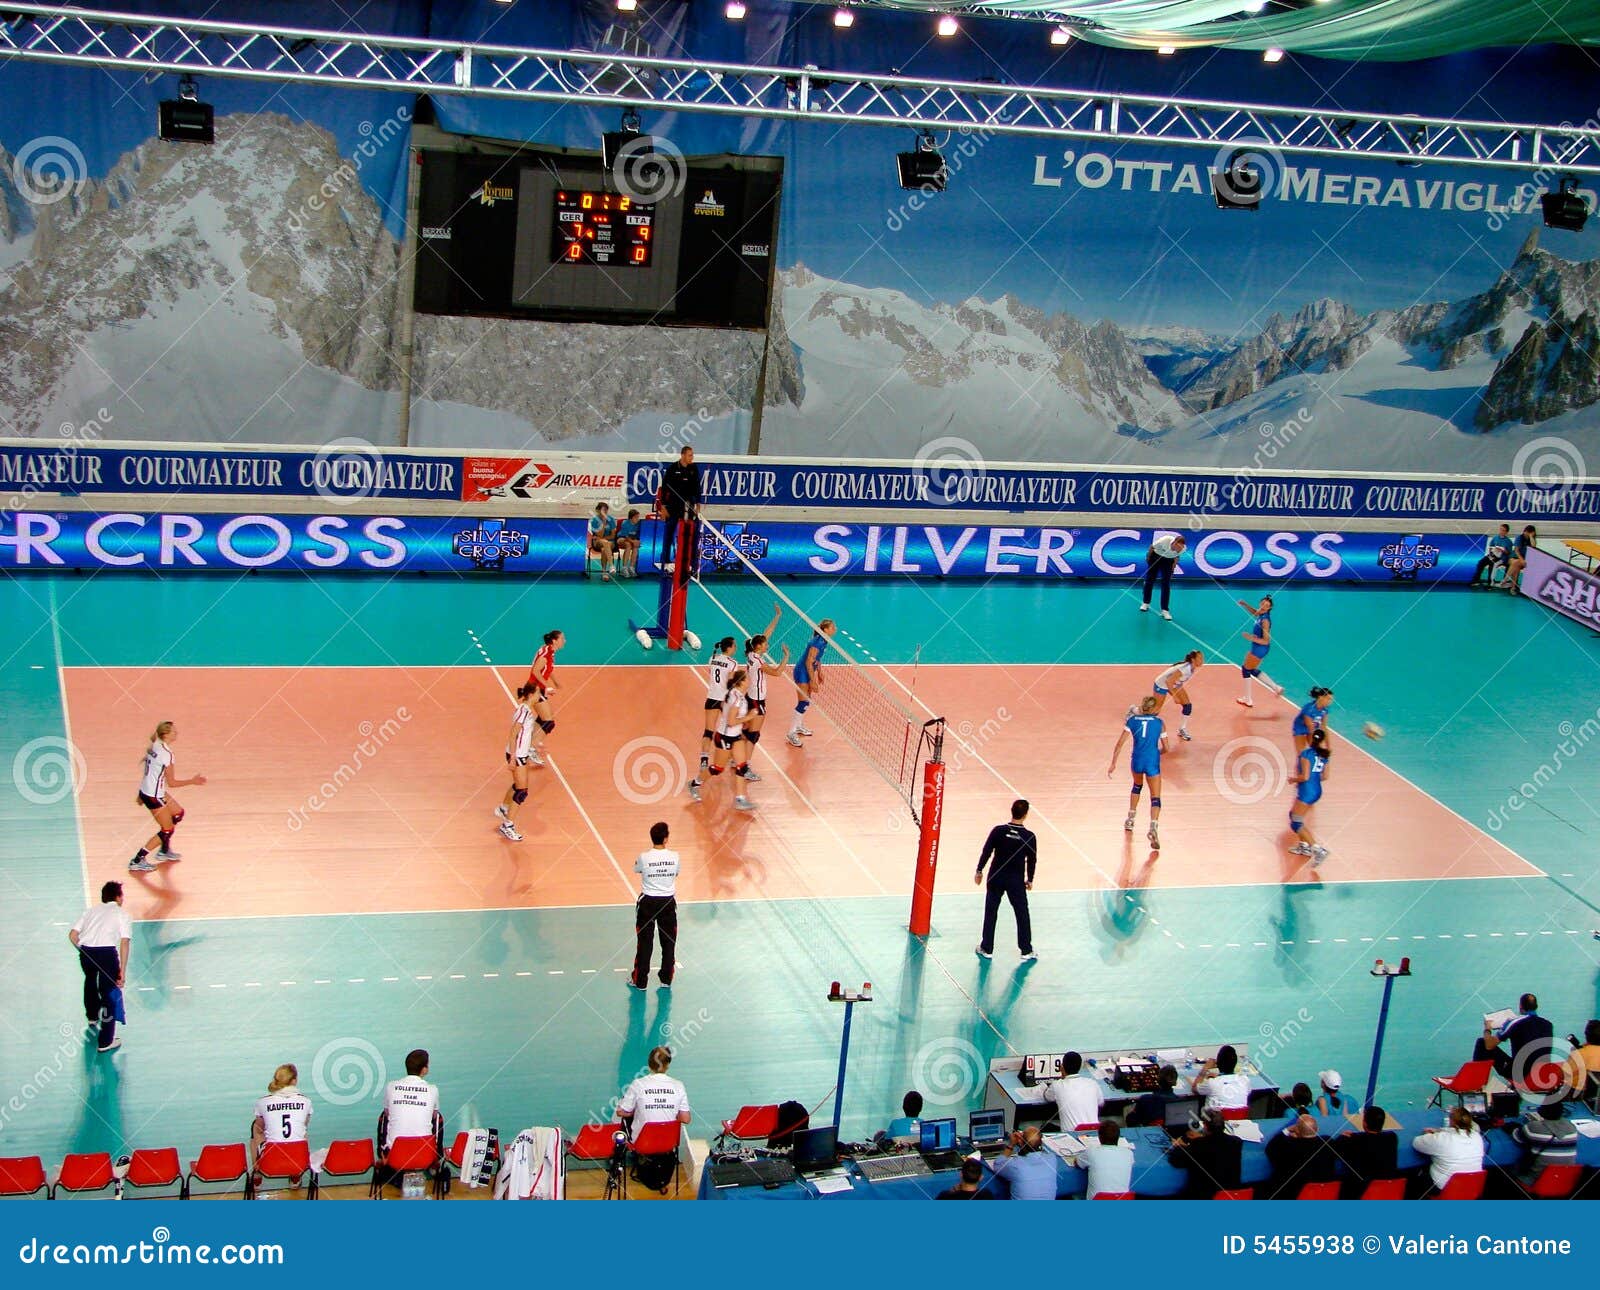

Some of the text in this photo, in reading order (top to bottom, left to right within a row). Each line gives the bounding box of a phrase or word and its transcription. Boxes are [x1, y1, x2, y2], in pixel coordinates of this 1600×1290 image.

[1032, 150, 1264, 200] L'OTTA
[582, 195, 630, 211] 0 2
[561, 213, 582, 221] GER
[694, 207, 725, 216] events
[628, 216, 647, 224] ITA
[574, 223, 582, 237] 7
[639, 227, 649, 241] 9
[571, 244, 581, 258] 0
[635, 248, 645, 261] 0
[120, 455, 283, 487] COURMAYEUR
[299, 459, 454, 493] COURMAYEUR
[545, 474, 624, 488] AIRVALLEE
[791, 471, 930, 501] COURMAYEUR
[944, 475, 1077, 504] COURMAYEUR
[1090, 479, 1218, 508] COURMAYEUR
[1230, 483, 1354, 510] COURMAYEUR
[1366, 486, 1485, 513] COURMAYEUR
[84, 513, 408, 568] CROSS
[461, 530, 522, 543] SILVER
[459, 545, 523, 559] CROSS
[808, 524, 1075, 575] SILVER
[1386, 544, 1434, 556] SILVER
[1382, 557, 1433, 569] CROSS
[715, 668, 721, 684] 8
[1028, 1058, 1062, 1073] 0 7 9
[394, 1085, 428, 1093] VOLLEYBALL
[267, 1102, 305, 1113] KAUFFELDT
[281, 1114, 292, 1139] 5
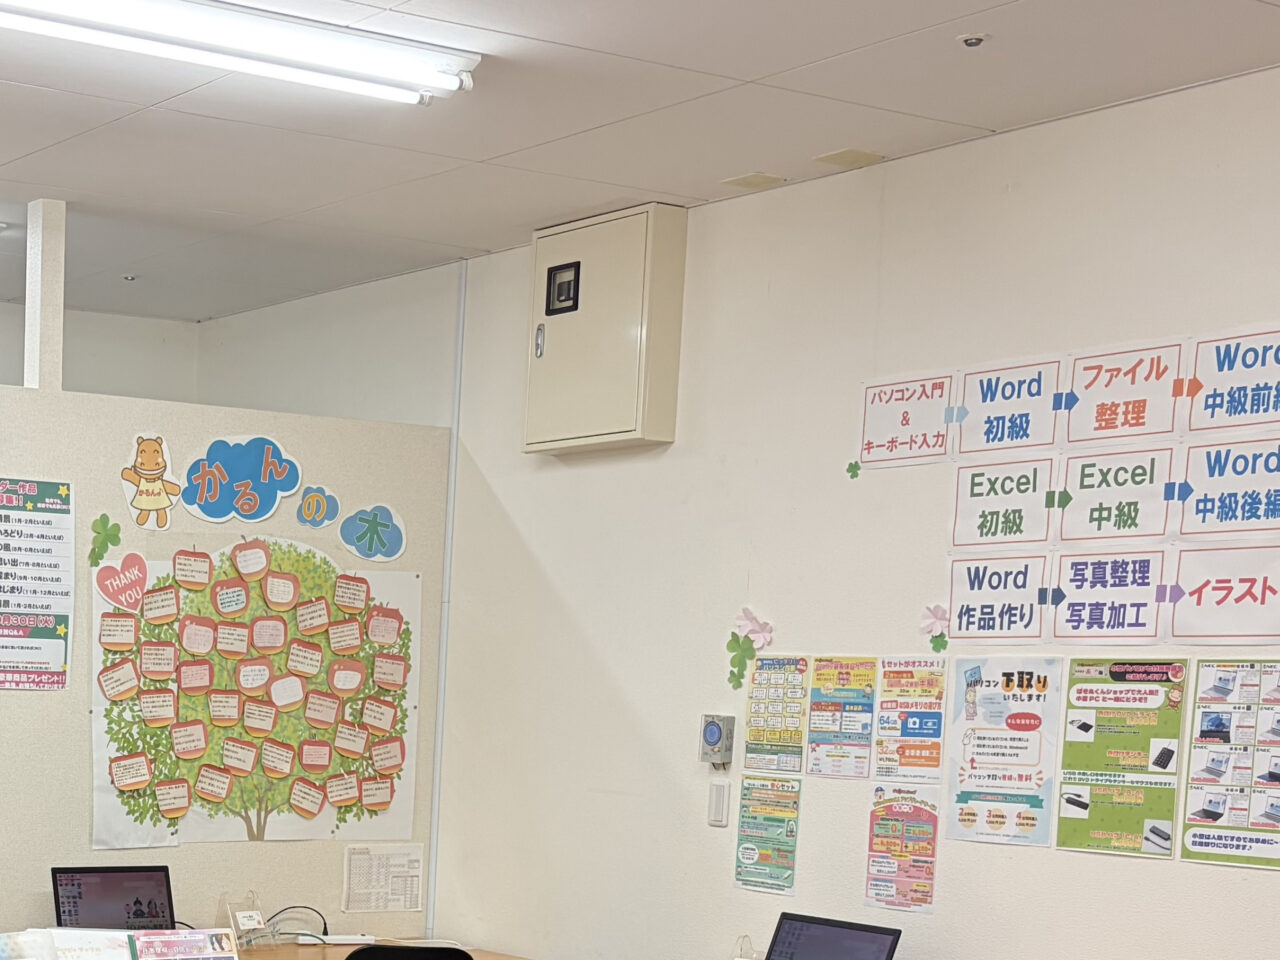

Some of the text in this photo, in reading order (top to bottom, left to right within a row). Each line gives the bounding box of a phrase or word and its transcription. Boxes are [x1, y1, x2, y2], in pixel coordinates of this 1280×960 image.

□ □ □ □ □

[Exercise aim]
Everything in the data except the pictures must appear in your answer unchanged.

[Task result]
Some of the text in this photo, in reading order (top to bottom, left to right within a row). Each line gives the bounding box of a phrase or word and its transcription. Boxes are [x1, y1, x2, y2], in pixel coordinates of this 1600×1290 image.

[1032, 150, 1264, 200] L'OTTA
[582, 195, 630, 211] 0 2
[561, 213, 582, 221] GER
[694, 207, 725, 216] events
[628, 216, 647, 224] ITA
[574, 223, 582, 237] 7
[639, 227, 649, 241] 9
[571, 244, 581, 258] 0
[635, 248, 645, 261] 0
[120, 455, 283, 487] COURMAYEUR
[299, 459, 454, 493] COURMAYEUR
[545, 474, 624, 488] AIRVALLEE
[791, 471, 930, 501] COURMAYEUR
[944, 475, 1077, 504] COURMAYEUR
[1090, 479, 1218, 508] COURMAYEUR
[1230, 483, 1354, 510] COURMAYEUR
[1366, 486, 1485, 513] COURMAYEUR
[84, 513, 408, 568] CROSS
[461, 530, 522, 543] SILVER
[459, 545, 523, 559] CROSS
[808, 524, 1075, 575] SILVER
[1386, 544, 1434, 556] SILVER
[1382, 557, 1433, 569] CROSS
[715, 668, 721, 684] 8
[1028, 1058, 1062, 1073] 0 7 9
[394, 1085, 428, 1093] VOLLEYBALL
[267, 1102, 305, 1113] KAUFFELDT
[281, 1114, 292, 1139] 5

Some of the text in this photo, in reading order (top to bottom, left to right within a row). Each line gives the bounding box of a phrase or word and its transcription. Boxes are [x1, y1, x2, y2], in pixel coordinates of this 1280×960 image.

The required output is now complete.